### DATA LISTING
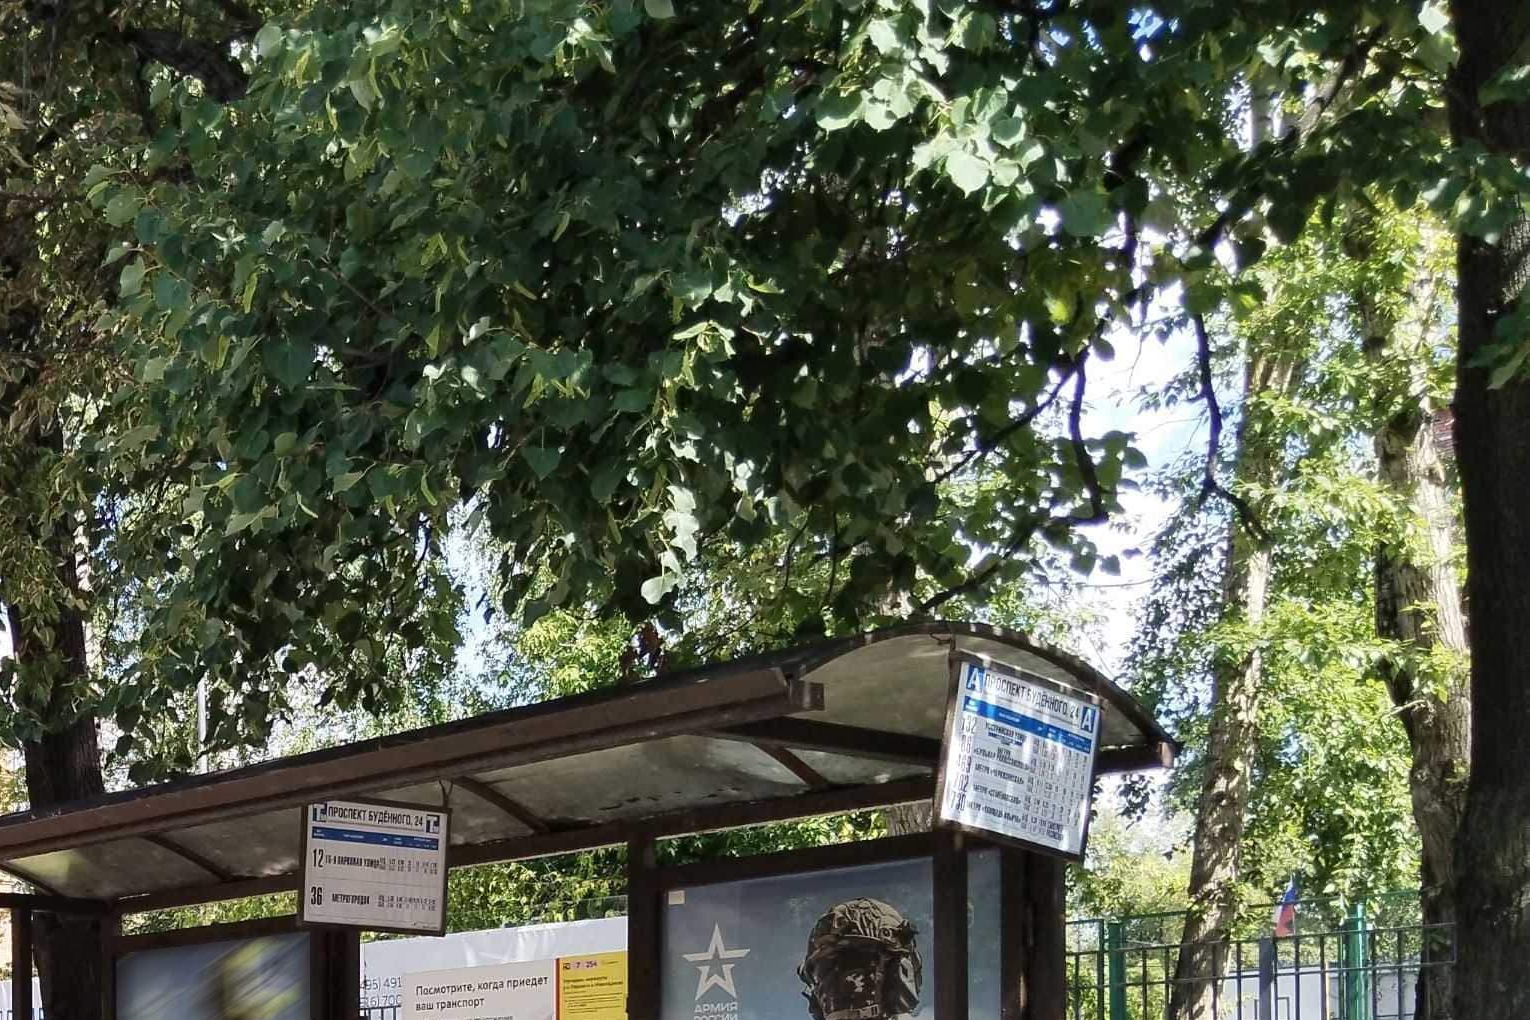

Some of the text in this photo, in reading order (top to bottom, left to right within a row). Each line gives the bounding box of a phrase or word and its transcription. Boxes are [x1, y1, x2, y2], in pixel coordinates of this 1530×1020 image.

[985, 673, 1025, 698] ПРОСПЕКТ
[328, 806, 367, 820] ПРОСПЕКТ
[414, 815, 423, 827] 24
[313, 849, 324, 868] 12
[311, 887, 323, 905] 36
[415, 982, 475, 996] Посмотрите,
[478, 980, 504, 991] когда
[507, 976, 548, 989] приедет
[416, 998, 485, 1011] ваш транспорт
[694, 1001, 738, 1014] АРМИЯ
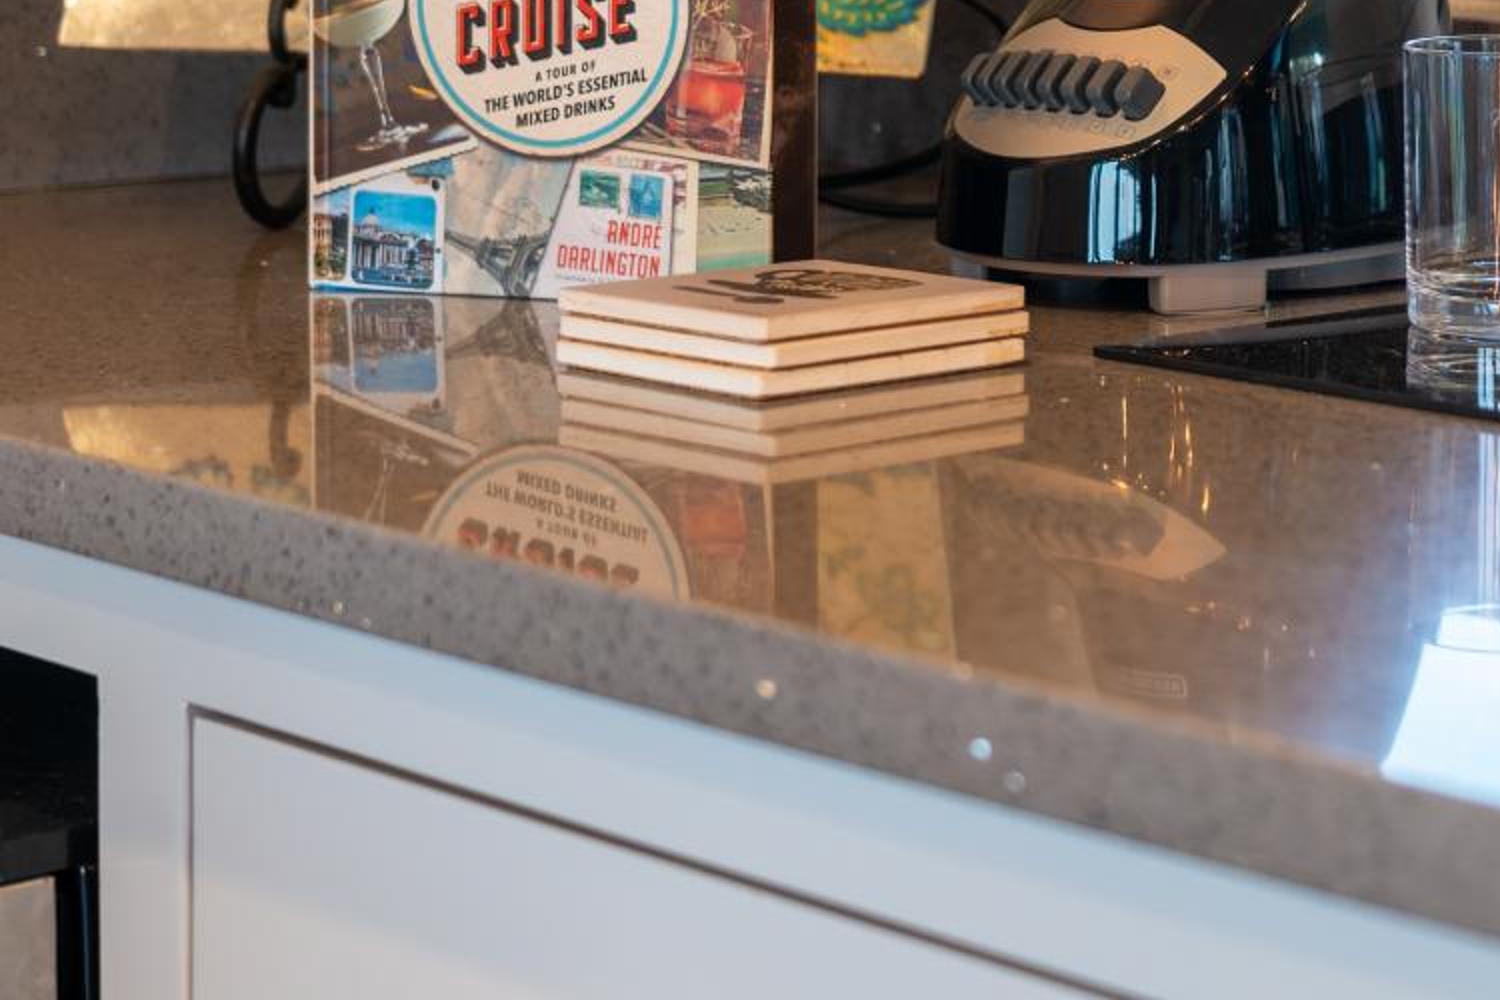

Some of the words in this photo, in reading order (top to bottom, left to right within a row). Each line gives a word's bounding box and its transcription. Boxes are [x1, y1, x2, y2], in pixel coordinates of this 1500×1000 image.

[535, 71, 543, 83] A
[546, 63, 577, 80] TOUR
[581, 60, 597, 73] OF
[484, 96, 509, 114] THE
[512, 81, 575, 108] WORLD'S
[578, 68, 648, 95] ESSENTIAL
[515, 107, 561, 129] MIXED
[564, 95, 616, 120] DRINKS
[556, 244, 661, 280] DARLINGTON

### WHAT THIS TASK INVOLVES
Your answer must be an exact copy of the entries above, with no pictures in it.

### ANSWER FOR THIS EXERCISE
Some of the text in this photo, in reading order (top to bottom, left to right within a row). Each line gives the bounding box of a phrase or word and its transcription. Boxes are [x1, y1, x2, y2], in pixel coordinates of this 1530×1020 image.

[985, 673, 1025, 698] ПРОСПЕКТ
[328, 806, 367, 820] ПРОСПЕКТ
[414, 815, 423, 827] 24
[313, 849, 324, 868] 12
[311, 887, 323, 905] 36
[415, 982, 475, 996] Посмотрите,
[478, 980, 504, 991] когда
[507, 976, 548, 989] приедет
[416, 998, 485, 1011] ваш транспорт
[694, 1001, 738, 1014] АРМИЯ

Some of the words in this photo, in reading order (top to bottom, left to right within a row). Each line gives a word's bounding box and its transcription. Boxes are [x1, y1, x2, y2], in pixel coordinates of this 1500×1000 image.

[535, 71, 543, 83] A
[546, 63, 577, 80] TOUR
[581, 60, 597, 73] OF
[484, 96, 509, 114] THE
[512, 81, 575, 108] WORLD'S
[578, 68, 648, 95] ESSENTIAL
[515, 107, 561, 129] MIXED
[564, 95, 616, 120] DRINKS
[556, 244, 661, 280] DARLINGTON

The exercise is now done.